### WORK INSTRUCTION
Because the copy must hold no pictures, return the data below with all of its words intact.

Start of SOURCE INFORMATION

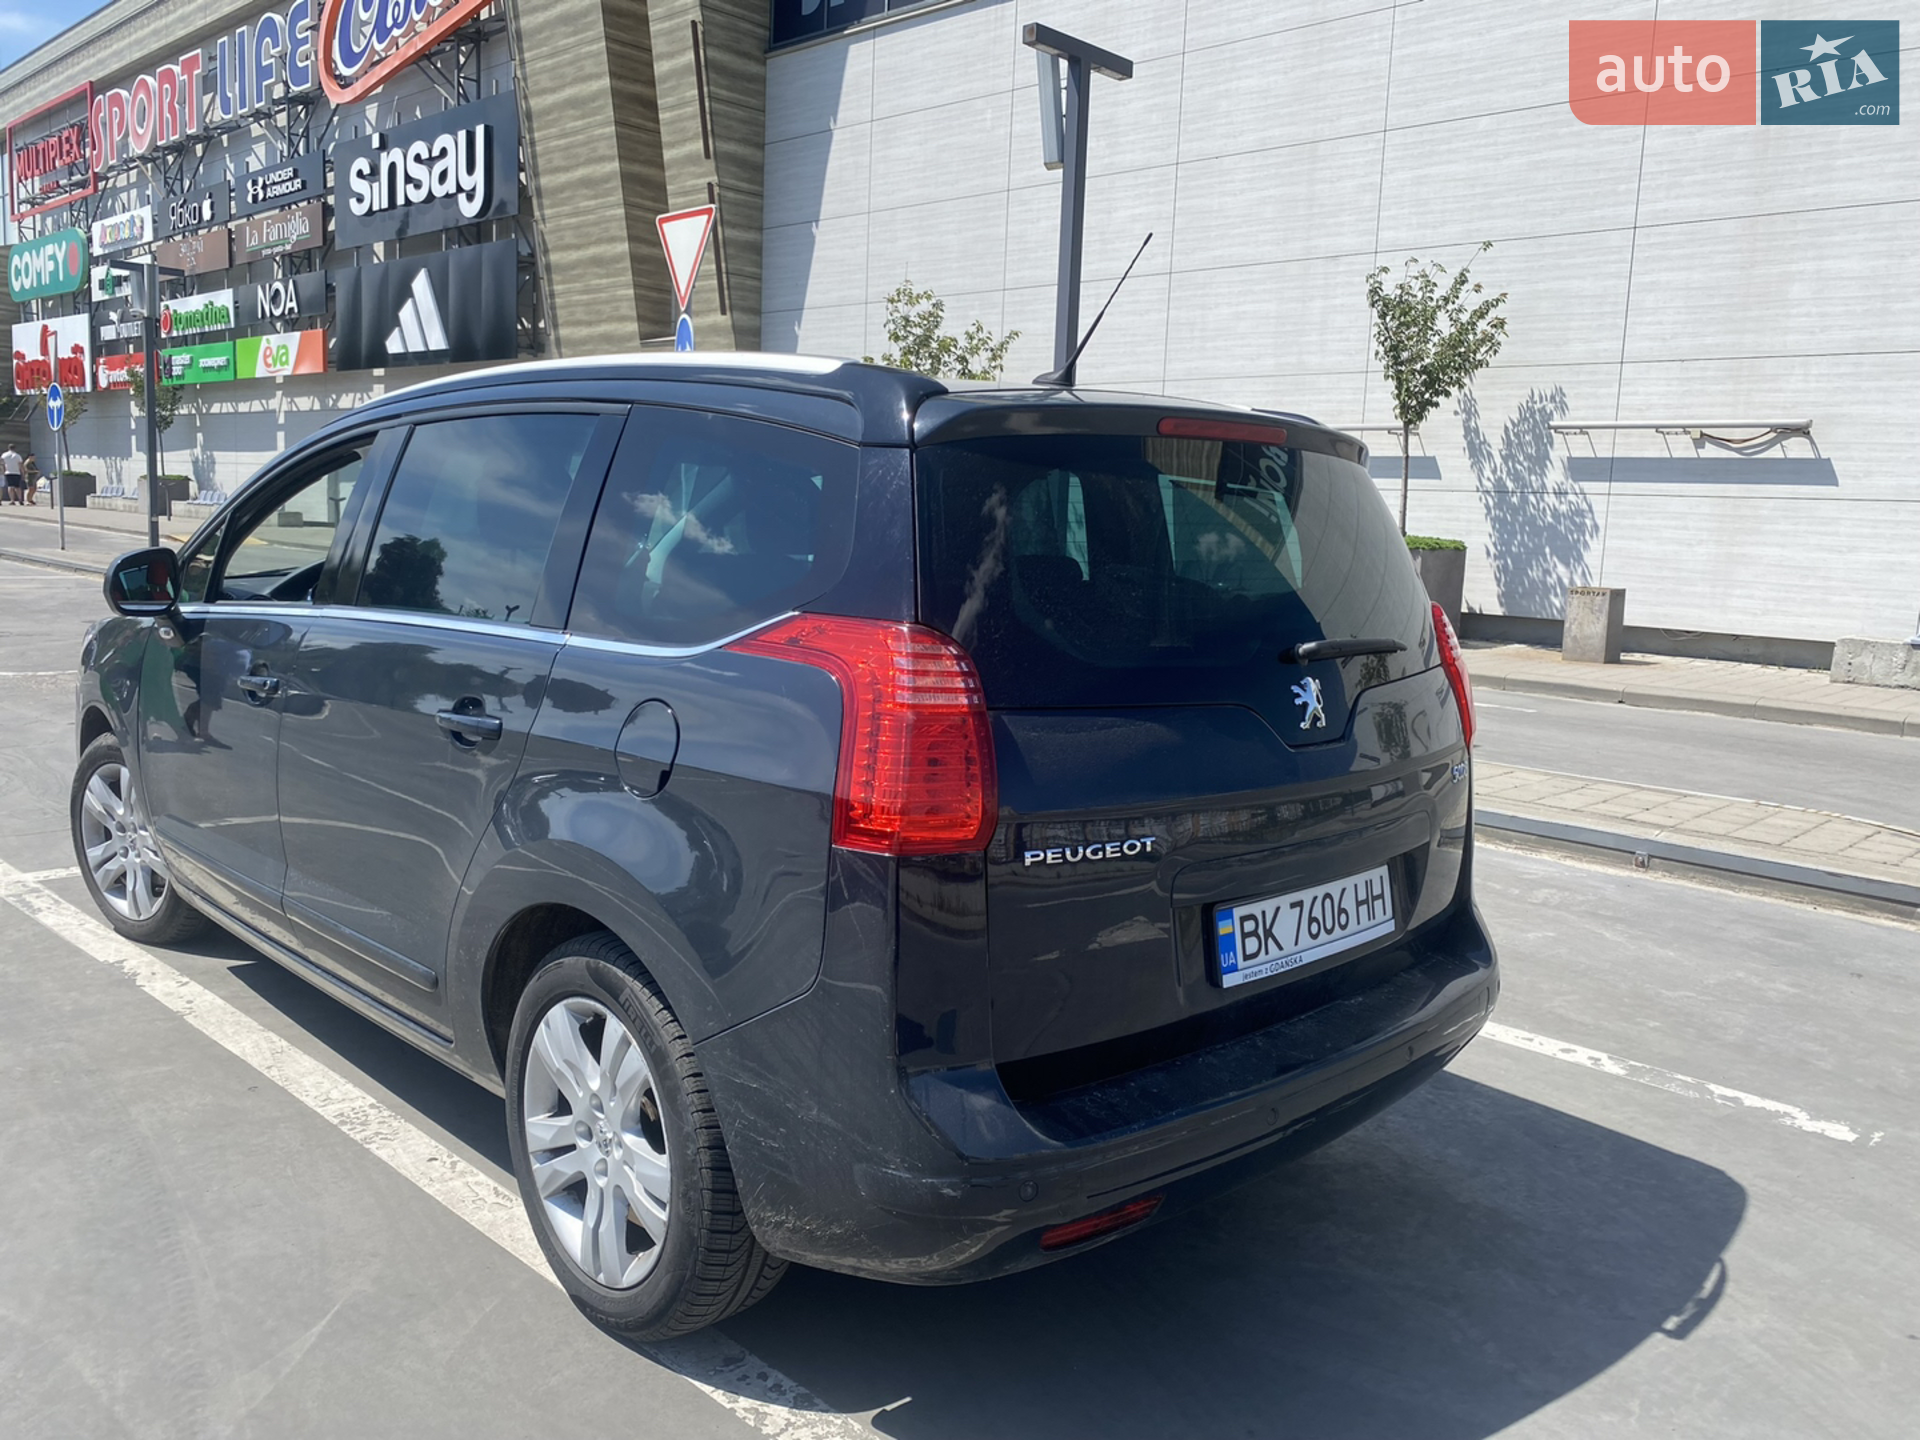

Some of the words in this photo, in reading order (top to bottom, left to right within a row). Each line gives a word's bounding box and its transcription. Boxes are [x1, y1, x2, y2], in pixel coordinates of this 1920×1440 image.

[92, 48, 202, 172] SPORT
[216, 0, 312, 119] LIFE
[15, 124, 83, 184] MULTIPLEX
[349, 123, 485, 218] sinsay
[264, 166, 294, 185] UNDER
[266, 179, 303, 199] ARMOUR
[169, 196, 199, 230] Ябко
[246, 226, 258, 247] La
[263, 212, 309, 243] Famiglia
[11, 240, 66, 292] COMFY
[173, 299, 230, 331] tomatina
[257, 278, 298, 319] NOA
[1024, 837, 1156, 866] PEUGEOT
[1239, 906, 1284, 962] BK
[1290, 887, 1349, 947] 7606
[1354, 875, 1387, 926] HH
[1221, 952, 1236, 967] UA

End of SOURCE INFORMATION

### REPLY TO THE TASK
Some of the words in this photo, in reading order (top to bottom, left to right within a row). Each line gives a word's bounding box and its transcription. Boxes are [x1, y1, x2, y2], in pixel coordinates of this 1920×1440 image.

[92, 48, 202, 172] SPORT
[216, 0, 312, 119] LIFE
[15, 124, 83, 184] MULTIPLEX
[349, 123, 485, 218] sinsay
[264, 166, 294, 185] UNDER
[266, 179, 303, 199] ARMOUR
[169, 196, 199, 230] Ябко
[246, 226, 258, 247] La
[263, 212, 309, 243] Famiglia
[11, 240, 66, 292] COMFY
[173, 299, 230, 331] tomatina
[257, 278, 298, 319] NOA
[1024, 837, 1156, 866] PEUGEOT
[1239, 906, 1284, 962] BK
[1290, 887, 1349, 947] 7606
[1354, 875, 1387, 926] HH
[1221, 952, 1236, 967] UA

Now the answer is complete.